Please report every line in the material below where the word "text" is found.

━━━━━ Data extracts

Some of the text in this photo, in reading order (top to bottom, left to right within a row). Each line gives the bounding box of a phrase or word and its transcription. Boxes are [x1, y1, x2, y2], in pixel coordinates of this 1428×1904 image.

━━━━━━━━━━
━━━━━ Data extracts

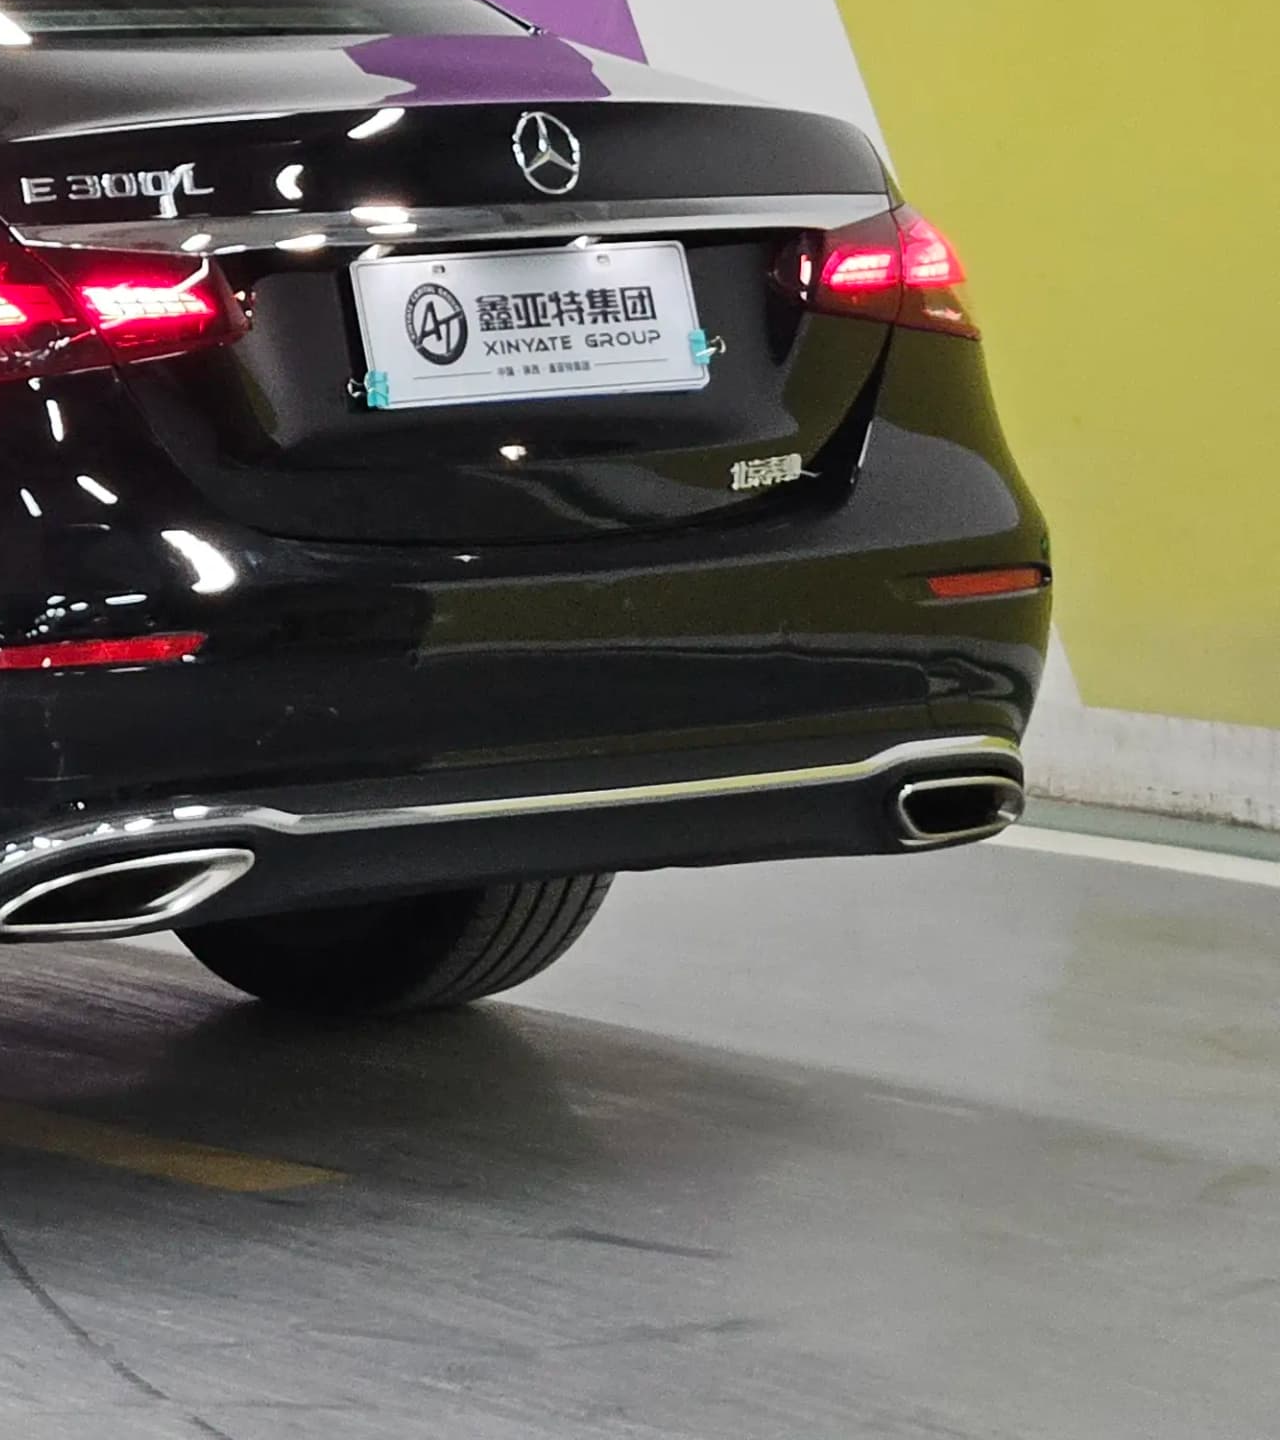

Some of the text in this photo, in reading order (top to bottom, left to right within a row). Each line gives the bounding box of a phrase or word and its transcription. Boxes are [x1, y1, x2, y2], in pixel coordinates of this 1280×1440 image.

━━━━━━━━━━
━━━━━ Data extracts

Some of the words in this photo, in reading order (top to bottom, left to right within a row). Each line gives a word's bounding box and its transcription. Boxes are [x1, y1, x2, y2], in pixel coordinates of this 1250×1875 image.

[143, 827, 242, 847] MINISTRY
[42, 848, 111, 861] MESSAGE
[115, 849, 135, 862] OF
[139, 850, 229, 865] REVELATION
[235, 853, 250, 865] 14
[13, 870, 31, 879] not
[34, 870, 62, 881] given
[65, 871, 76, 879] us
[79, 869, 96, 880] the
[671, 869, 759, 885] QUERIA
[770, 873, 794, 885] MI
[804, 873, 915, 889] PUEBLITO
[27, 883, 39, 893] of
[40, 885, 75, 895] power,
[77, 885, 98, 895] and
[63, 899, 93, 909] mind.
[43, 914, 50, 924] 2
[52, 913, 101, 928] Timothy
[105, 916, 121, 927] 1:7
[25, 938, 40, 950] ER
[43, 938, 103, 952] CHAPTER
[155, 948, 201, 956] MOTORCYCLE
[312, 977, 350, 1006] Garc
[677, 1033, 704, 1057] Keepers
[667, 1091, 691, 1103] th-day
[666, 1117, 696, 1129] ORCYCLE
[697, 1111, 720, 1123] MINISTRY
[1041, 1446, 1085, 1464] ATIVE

━━━━━━━━━━

- [Answer box]:
Some of the text in this photo, in reading order (top to bottom, left to right within a row). Each line gives the bounding box of a phrase or word and its transcription. Boxes are [x1, y1, x2, y2], in pixel coordinates of this 1428×1904 image.
Some of the text in this photo, in reading order (top to bottom, left to right within a row). Each line gives the bounding box of a phrase or word and its transcription. Boxes are [x1, y1, x2, y2], in pixel coordinates of this 1280×1440 image.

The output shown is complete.